*** Block opens ***

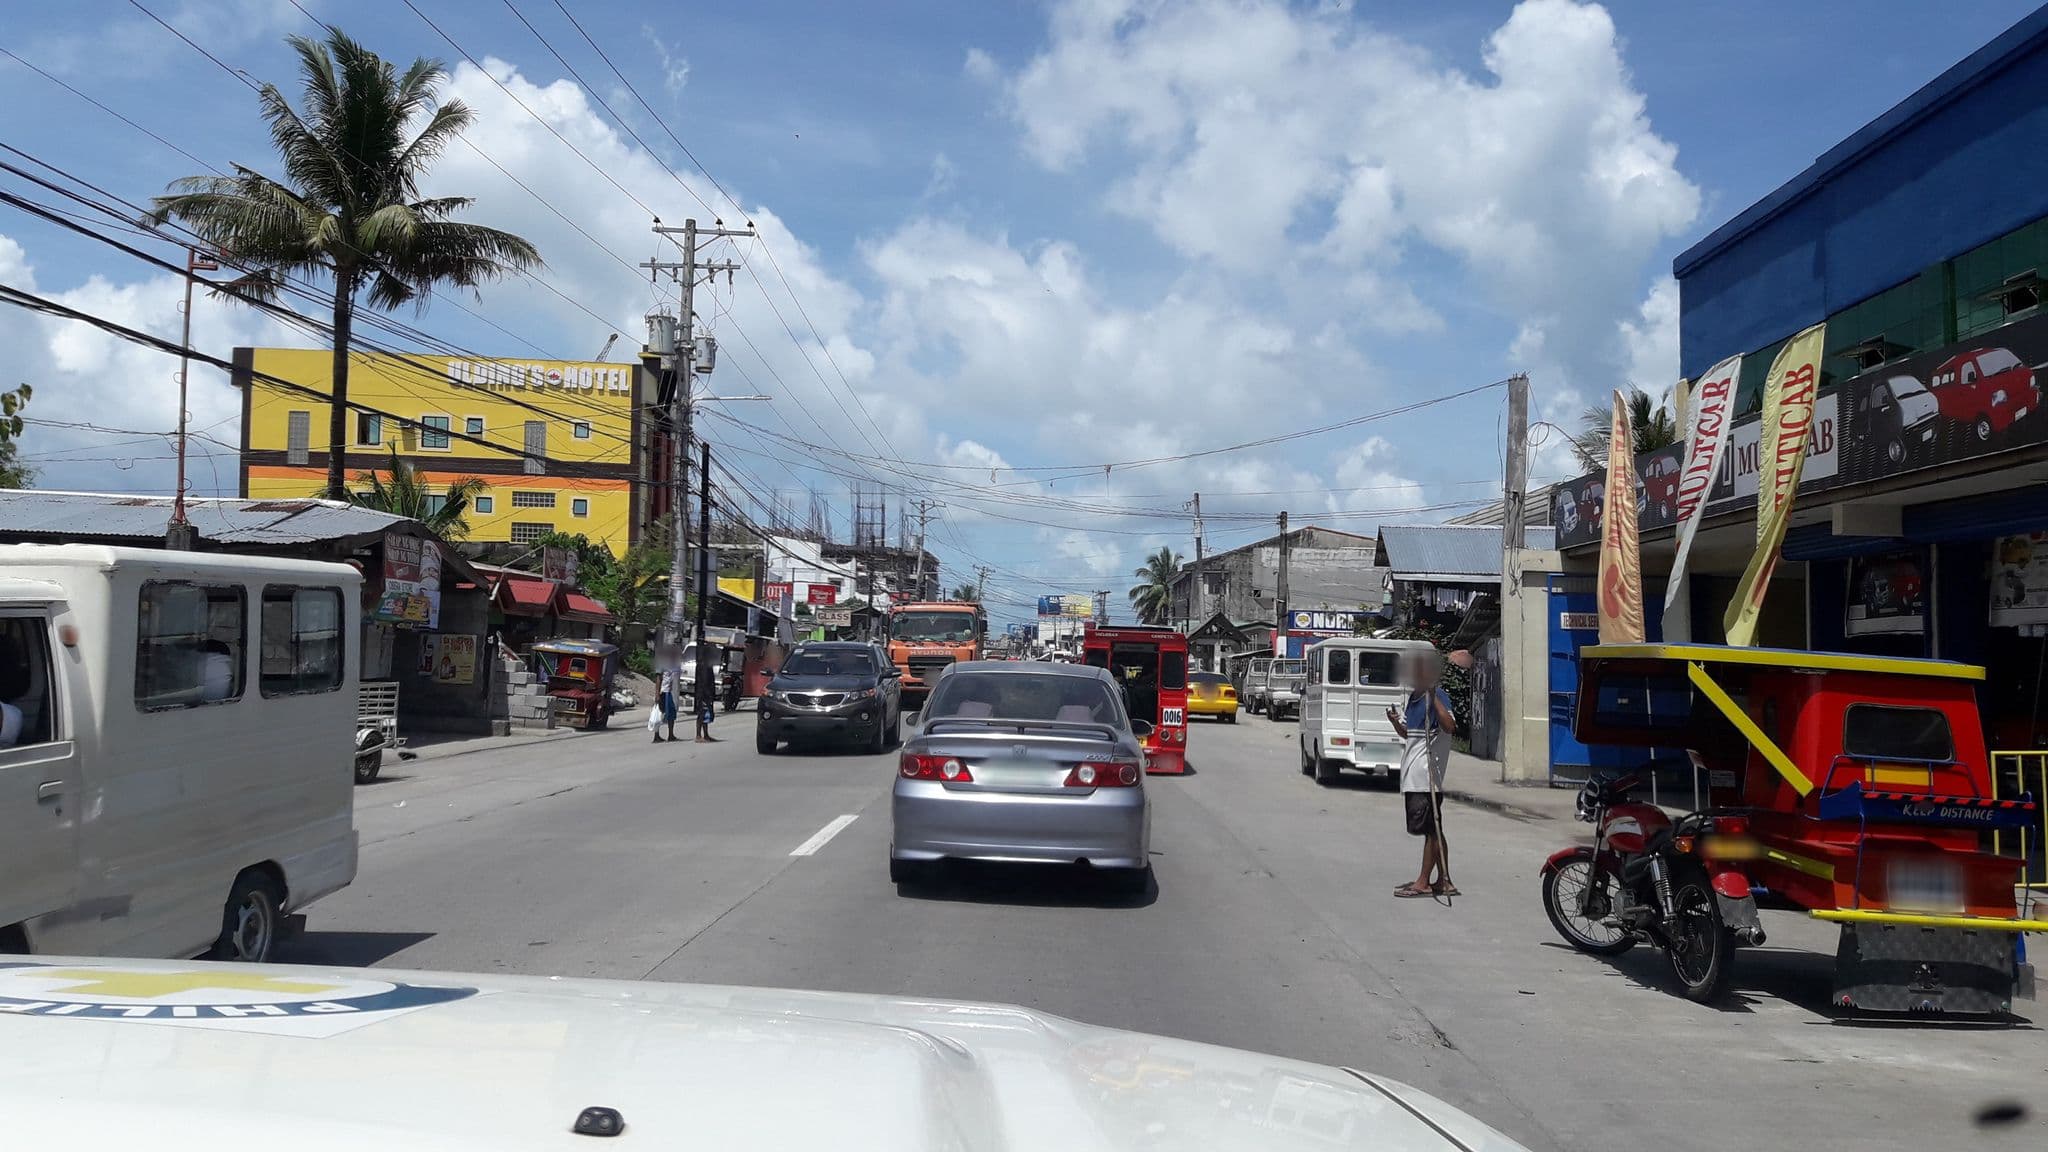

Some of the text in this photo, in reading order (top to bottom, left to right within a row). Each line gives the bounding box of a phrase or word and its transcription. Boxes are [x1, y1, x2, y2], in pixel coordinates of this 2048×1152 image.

[563, 366, 630, 391] HOTEL
[1738, 417, 1833, 478] MUAB
[817, 612, 849, 621] GLASS
[1164, 710, 1182, 723] 0016
[1902, 804, 1995, 820] KEEP DISTANCE
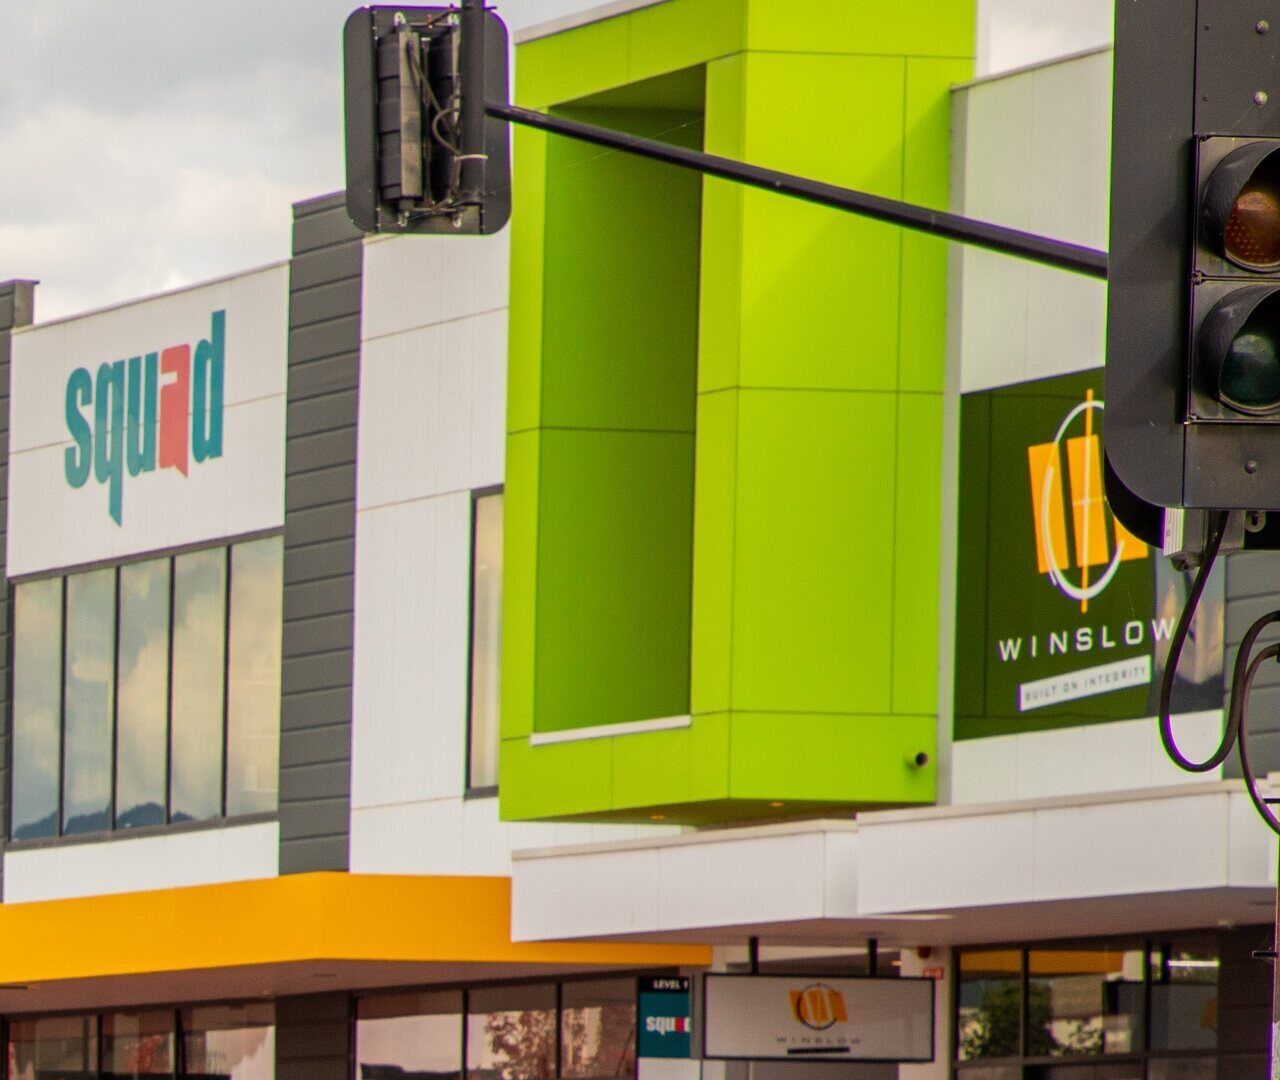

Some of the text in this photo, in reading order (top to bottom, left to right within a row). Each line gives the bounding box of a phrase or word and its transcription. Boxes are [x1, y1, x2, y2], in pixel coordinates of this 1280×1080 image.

[64, 308, 227, 528] squad
[998, 617, 1176, 662] WINSLOW
[1024, 665, 1146, 702] BUILT ON INTEGRITY
[653, 979, 681, 990] LEVEL
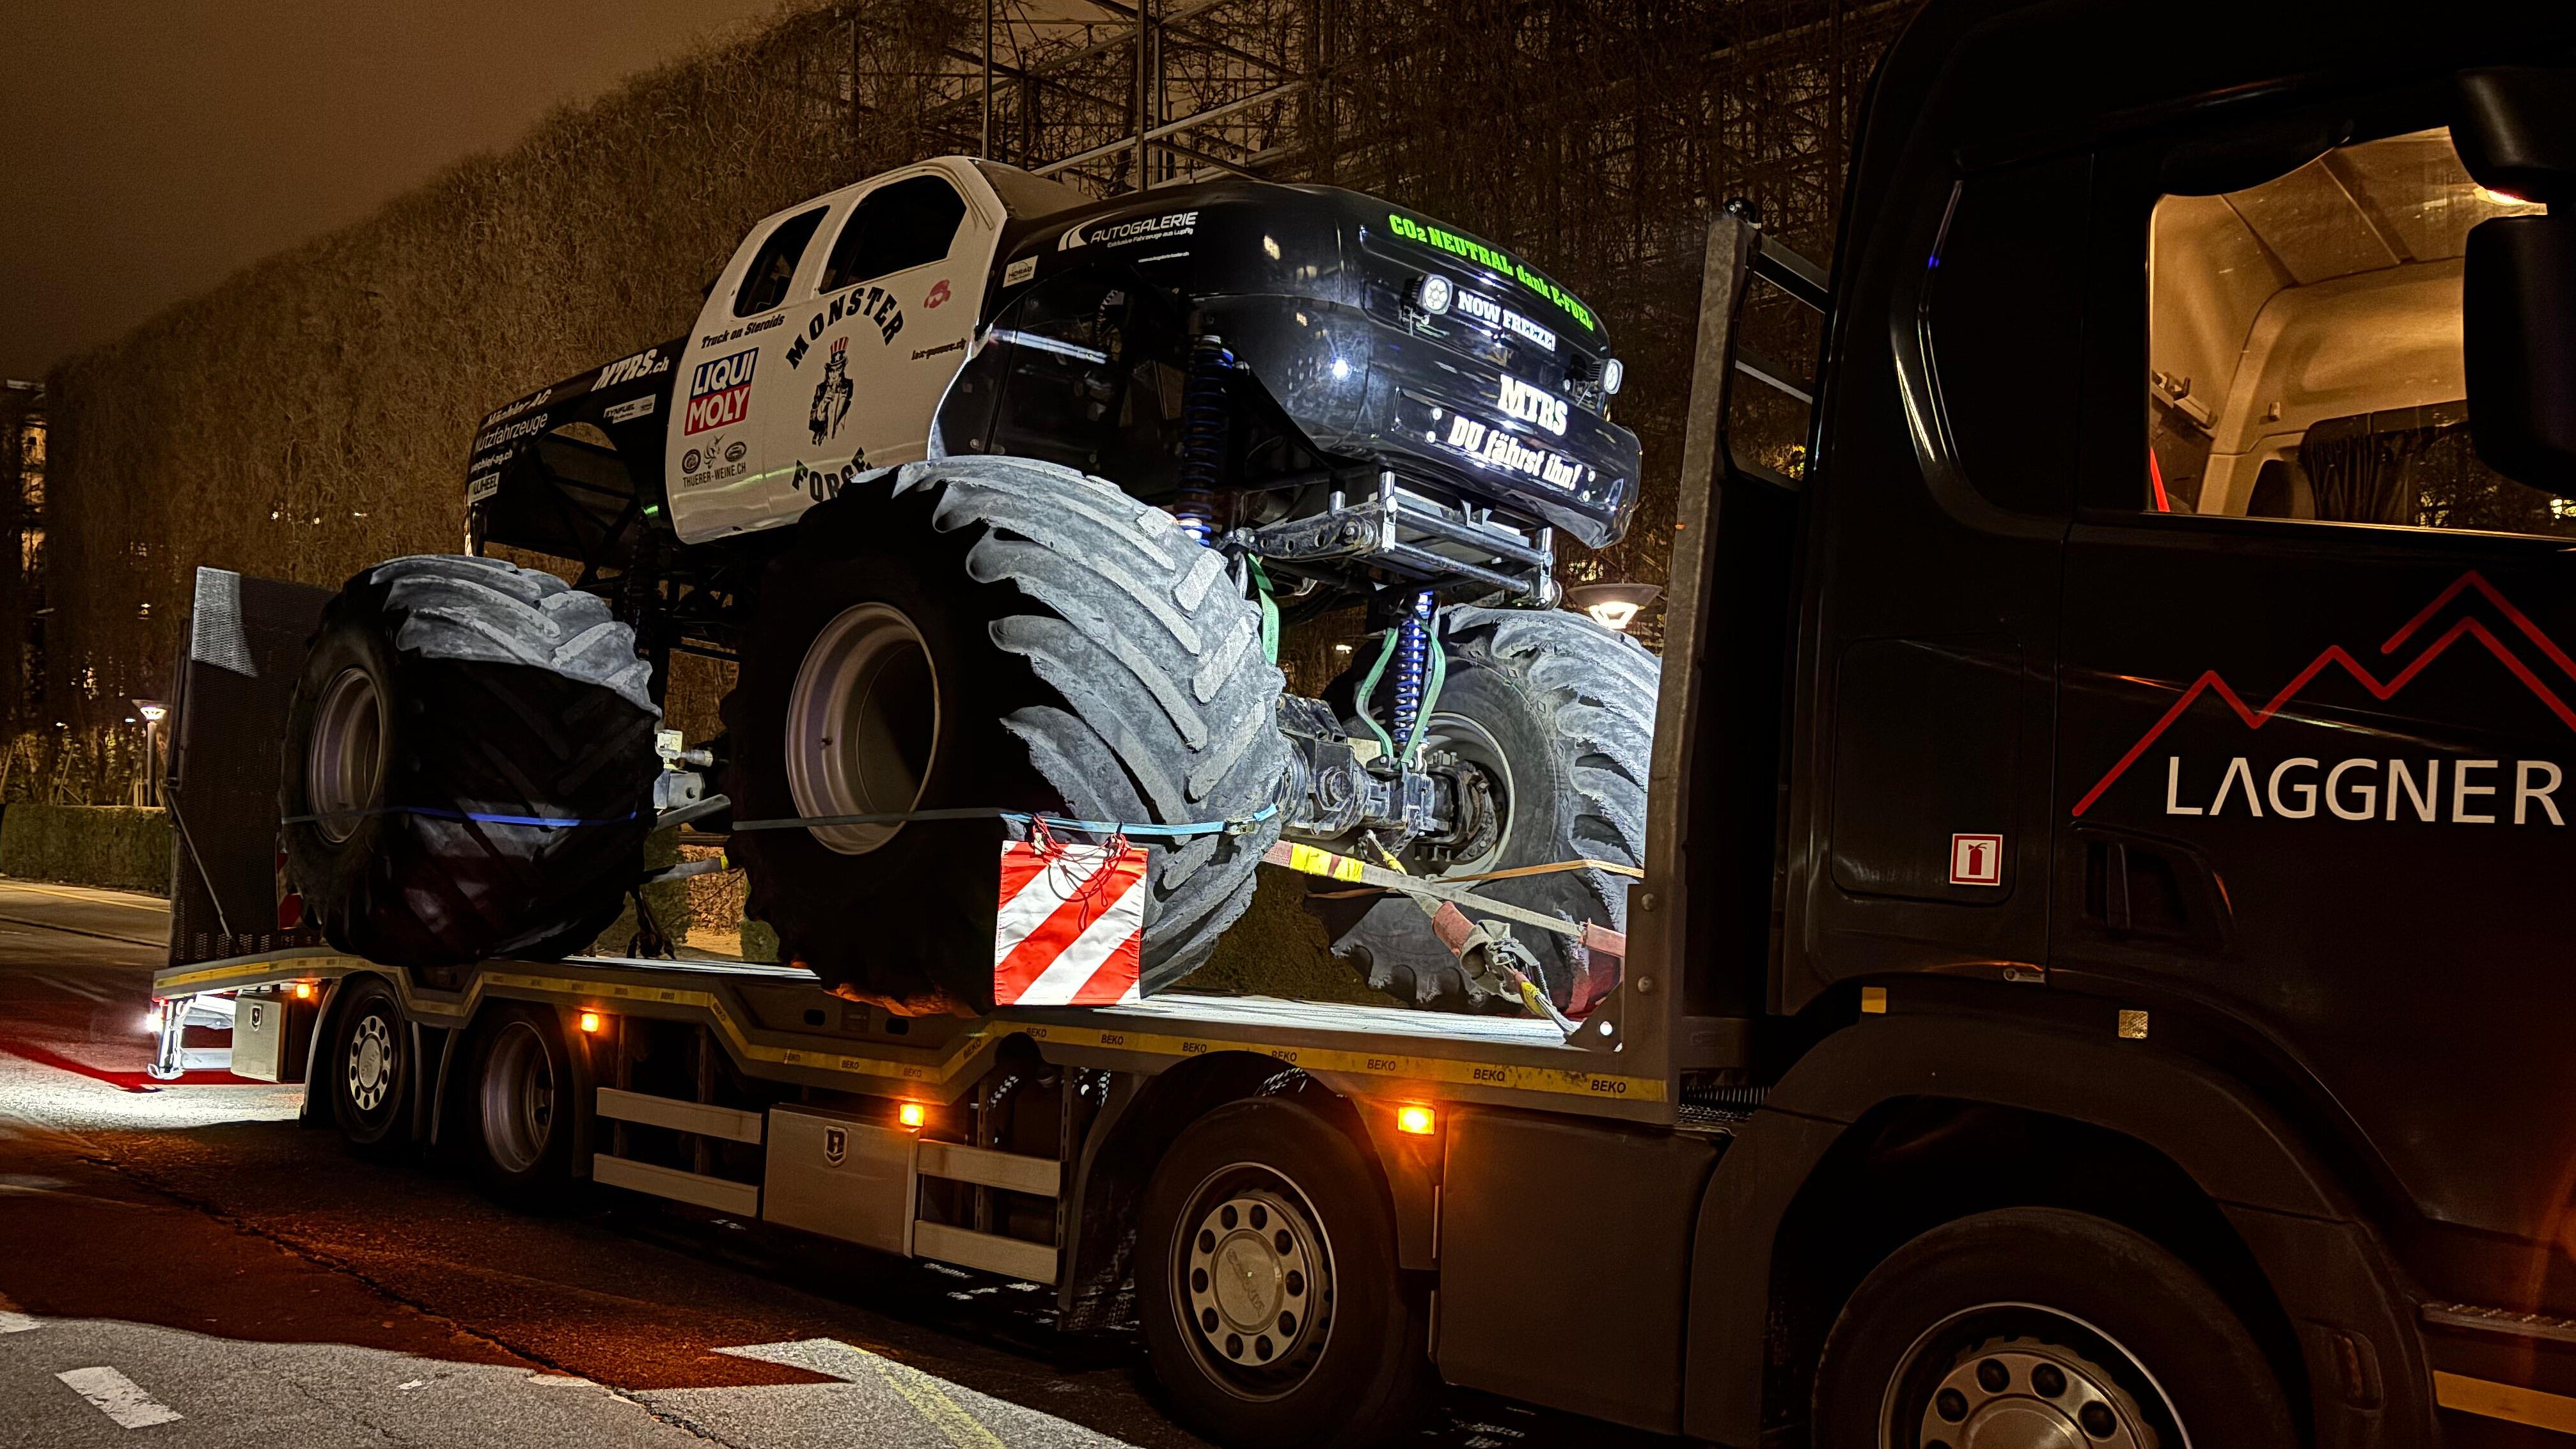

*** Block closes ***

Copy out the listing word for word and skip its pictures.

_Answer to this exercise_:
Some of the text in this photo, in reading order (top to bottom, left to right within a row). Each line gives the bounding box of a phrase or word and its transcription. Boxes are [x1, y1, x2, y2], in pixel coordinates of this 2048×1152 image.

[563, 366, 630, 391] HOTEL
[1738, 417, 1833, 478] MUAB
[817, 612, 849, 621] GLASS
[1164, 710, 1182, 723] 0016
[1902, 804, 1995, 820] KEEP DISTANCE

Some of the text in this photo, in reading order (top to bottom, left to right within a row). Each line gives the bounding box of a phrase or word and its transcription. Boxes are [x1, y1, x2, y2], in pixel coordinates of this 1280×1080 image.

[64, 308, 227, 528] squad
[998, 617, 1176, 662] WINSLOW
[1024, 665, 1146, 702] BUILT ON INTEGRITY
[653, 979, 681, 990] LEVEL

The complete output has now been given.